Di-Ca-Ta-Ga-La-Cu-Tem
Di-Ca-Ta-Ga-La-Cu-Tem
Di-Ca-Ta-Ga-La-Cu-Tem
Di-Ca-Ta-Ga-La-Cu-Tem
Tem-Tem-Tem-Temmmm!
Estava lendo o jornal em minha sala, nono andar, quando ouvi ao longe o tilintar inconfundível do vendedor de quebra-queixo. Mudei toda a atenção da leitura e disparei as lembranças para Jucutuquara, o bairro onde morei na infância.

O baticum metálico, o mesmo do passado, alvoroçava a garotada e soava aos ouvidos como música. Bastava ouvi-la e todas as brincadeiras cessavam.
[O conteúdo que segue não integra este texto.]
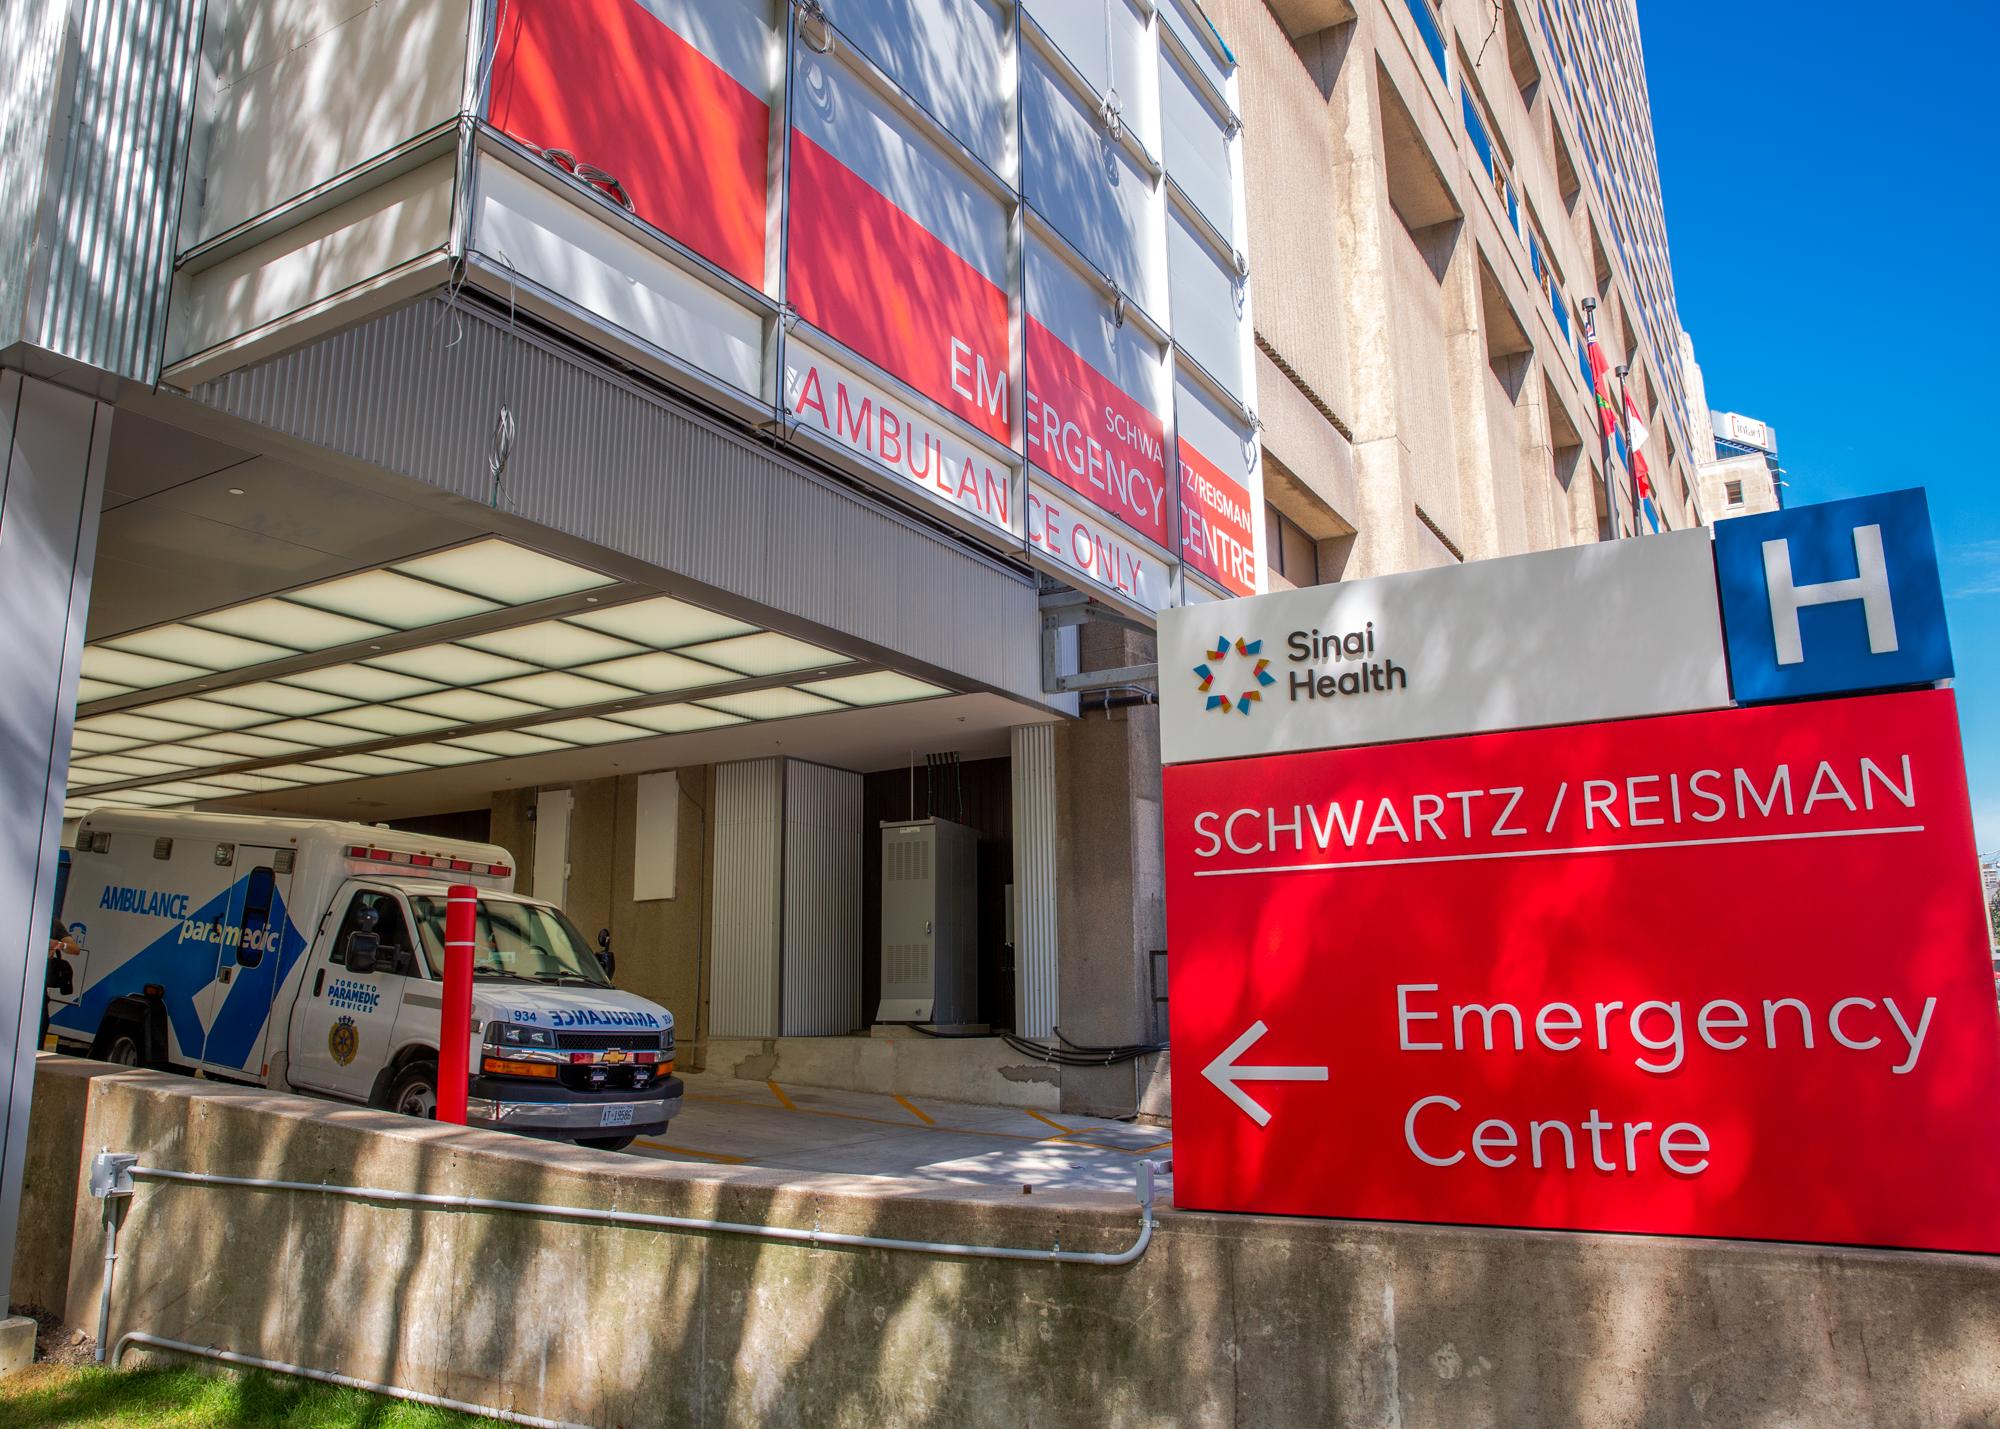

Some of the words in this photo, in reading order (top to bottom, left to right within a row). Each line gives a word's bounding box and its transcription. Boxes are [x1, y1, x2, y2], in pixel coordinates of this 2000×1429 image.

[1071, 523, 1142, 597] ONLY
[1762, 523, 1899, 666] H
[1287, 621, 1375, 662] Sinai
[1288, 659, 1407, 702] Health
[1193, 786, 1528, 858] SCHWARTZ
[1582, 754, 1917, 831] REISMAN
[100, 885, 190, 921] AMBULANCE
[177, 918, 281, 953] paramedic
[327, 985, 380, 1007] PARAMEDIC
[329, 998, 373, 1014] SERVICES
[334, 978, 377, 993] TORONTO
[514, 1010, 537, 1023] 934
[1397, 983, 1937, 1074] Emergency
[1404, 1095, 1710, 1174] Centre
Jogo de ferrinho no chão batido, bolinhas de gude nas calçadas sem pavimento, caçar passarinho com estilingue e bolinhas de barro cozidas e as pipas-estrela em cima da Pedra do Bode.

O vendedor não parava de bater o pino de aço no aro de rolimã até que nós nos aproximássemos para comprar o doce feito de coco e açúcar. Receita simples e antiga que às vezes levava um pouco de sumo de limão, dando um sabor especial.
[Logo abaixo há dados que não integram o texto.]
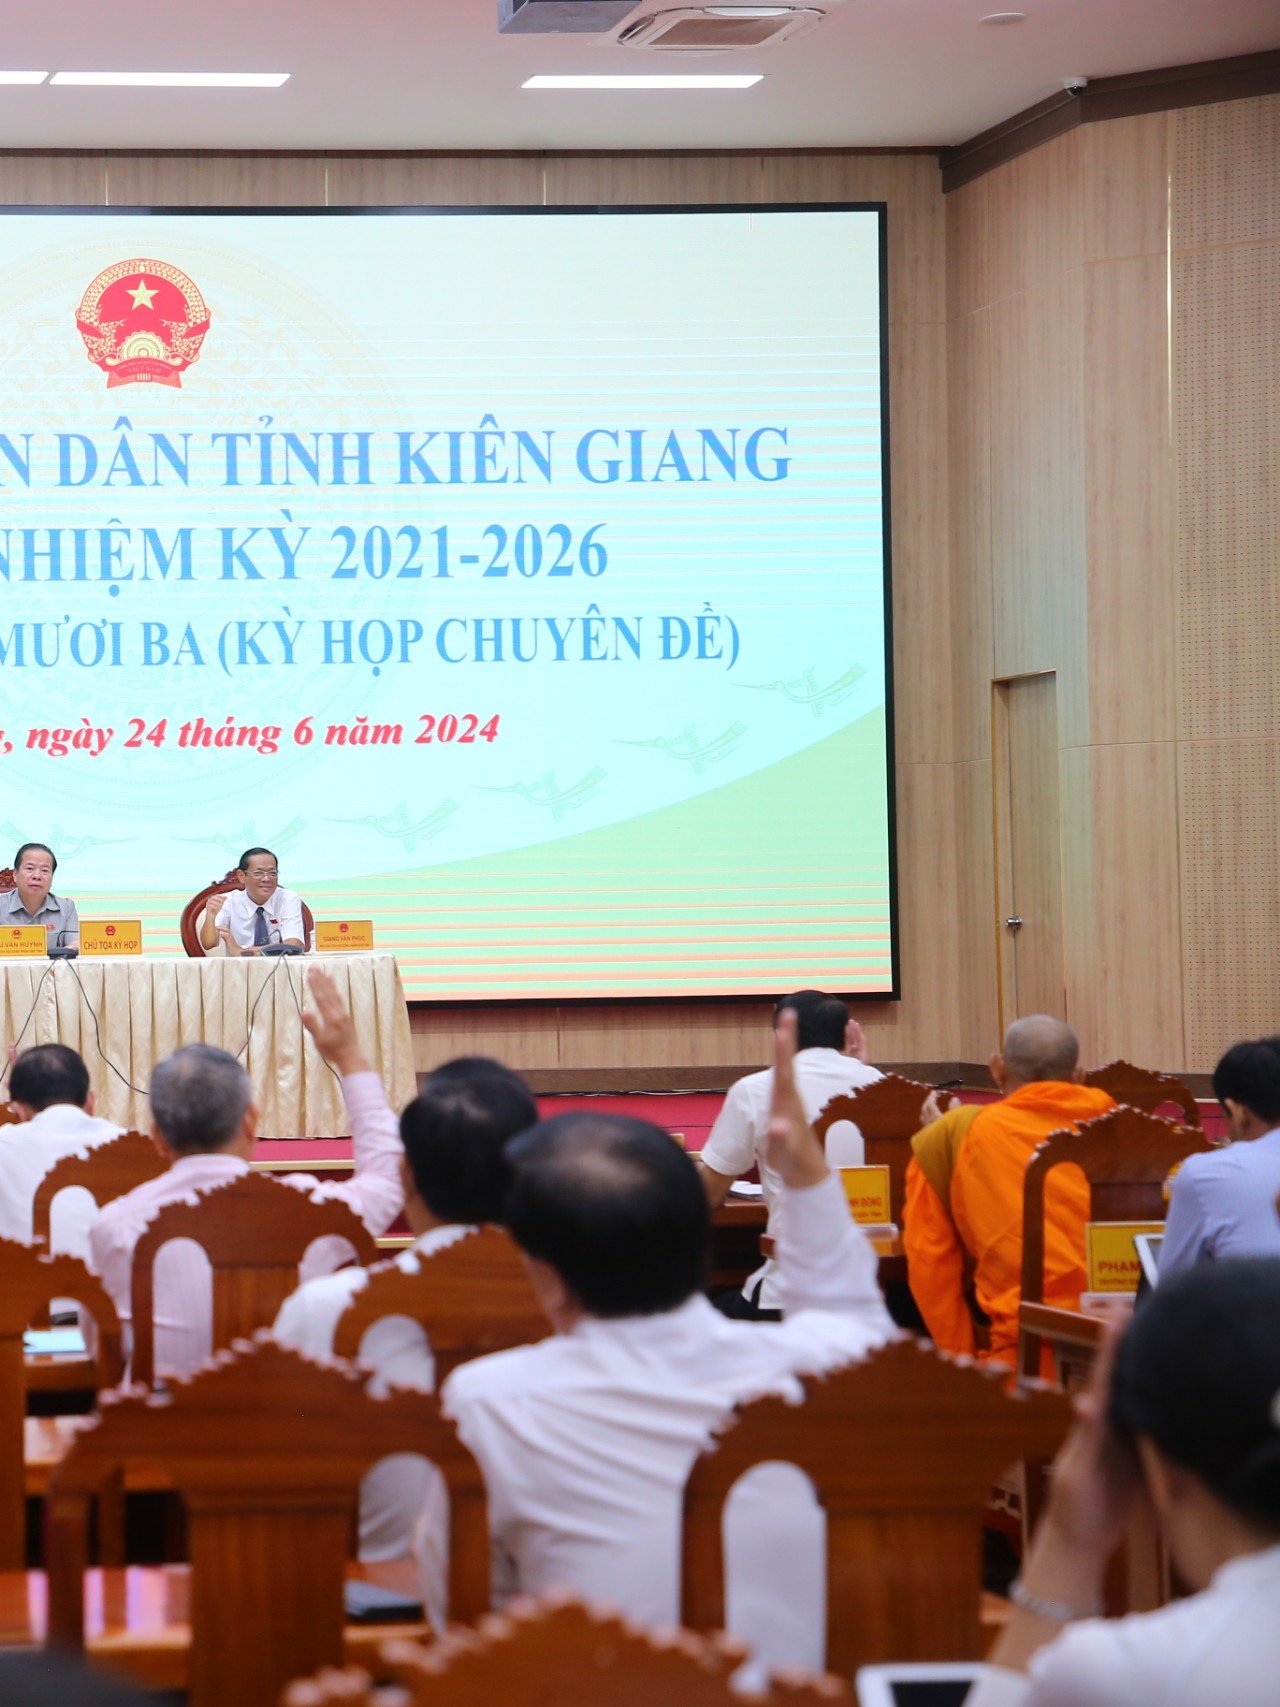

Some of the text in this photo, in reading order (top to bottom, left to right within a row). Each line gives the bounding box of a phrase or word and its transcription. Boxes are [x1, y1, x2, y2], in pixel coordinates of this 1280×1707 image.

[56, 415, 193, 487] DÂN
[211, 415, 373, 486] TỈNH
[395, 413, 556, 485] KIÊN
[576, 426, 792, 484] GIANG
[218, 508, 310, 580] KỲ
[331, 522, 609, 579] 2021-2026
[141, 622, 208, 666] BA
[218, 605, 305, 676] (KỲ
[322, 619, 425, 677] HỌP
[436, 603, 643, 664] CHUYÊN
[657, 601, 741, 671] ĐỀ)
[26, 718, 115, 758] ngày
[124, 718, 167, 748] 24
[177, 714, 282, 755] tháng
[293, 716, 313, 746] 6
[325, 716, 404, 746] năm
[415, 713, 501, 745] 2024
Cada um deles tinha seu próprio timbre e com sutis diferenças no ritmo e no toque, mas geralmente variavam sobre o mesmo tema:
                    Dem!
                    Di-Ga-Di-Ga-La-Gu-Dem
                    Di-Ga-Di-Ga-La-Gu-Dem
                    Di-Ga-Di-Ga-La-Gu-Dem 
                    Di-Ga-Di-Ga-La-Gu-Dem
                    Dem-Dem-Dem-Demmmm!

Essa é uma das inúmeras passagens que povoam minha memória. As brincadeiras naquele tempo eram sempre pelas ruas próximas à Avenida Paulino Müller, numa época em que ainda tinha o bonde circulando paralelo ao valão aberto, ou subir nos morros em torno do bairro. Ficar dentro de casa só quando chovia.

Certo dia, após cortar o cabelo, minha avó Malvina me obrigou a retornar à barbearia porque achava que ainda estava comprido. Obedeci e fui. Novamente ela achou que não estava bom. Obedeci e retornei, mas dessa vez, mandei o barbeiro passar a máquina zero. Tomei uma surra com varinha de oitizeiro.
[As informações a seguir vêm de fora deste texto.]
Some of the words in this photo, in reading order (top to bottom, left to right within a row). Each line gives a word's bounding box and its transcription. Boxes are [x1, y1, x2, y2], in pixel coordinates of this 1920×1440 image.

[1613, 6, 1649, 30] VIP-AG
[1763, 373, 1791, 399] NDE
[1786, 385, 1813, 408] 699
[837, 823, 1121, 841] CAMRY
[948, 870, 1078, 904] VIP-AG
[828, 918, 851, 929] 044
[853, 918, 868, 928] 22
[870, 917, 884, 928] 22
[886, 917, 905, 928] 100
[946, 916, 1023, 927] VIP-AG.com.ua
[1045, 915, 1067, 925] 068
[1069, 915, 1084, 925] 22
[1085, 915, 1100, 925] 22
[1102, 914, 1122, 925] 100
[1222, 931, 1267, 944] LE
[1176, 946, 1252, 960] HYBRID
- É para você aprender a deixar de ser debochado.

Era um tempo em que os pais batiam nos filhos e eles cresciam fortes e normais. Não precisava de psicólogo para tratar os traumas e nem prisão para punir torturadores de menor.

Ganhei o apelido de Careca azul.

            - Careca azul!

Quando alguém me chamava assim, eu me zangava. Saía em disparada tentando achar quem estava me xingando, mas na maioria das vezes não encontrava ninguém, o gaiato se escondia. O tormento durou até o cabelo crescer novamente.

Um dia, um vendedor de quebra-queixo mandou o filho fazer o seu trabalho. Era um garoto do mesmo tope que os da turma. Não sei se por orientação de alguém da turma ou se por iniciativa própria, ao me entregar a minha porção do doce, disse:

            - Tá aí a seu quebra-queixo, careca azul.

Todos da turma começaram a dar risadas. Menos eu. Minha reação quase imediata foi amassar o quebra-queixo na cara do sujeito. Rolamos na poeira, aos murros. O tabuleiro do menino caiu e o vidro partiu. Sobrou quebra-queixo pra todo lado.

Entrou a turma do deixa disso e tudo acabou bem. Pelo menos até o dia seguinte quando o pai do garoto cobrou de minha avó o prejuízo.

Resultado: Outra surra e um castigo – permanecer em casa o dia todo estudando – que durou quase um mês.

Mas nunca deixei de comer quebra-queixo.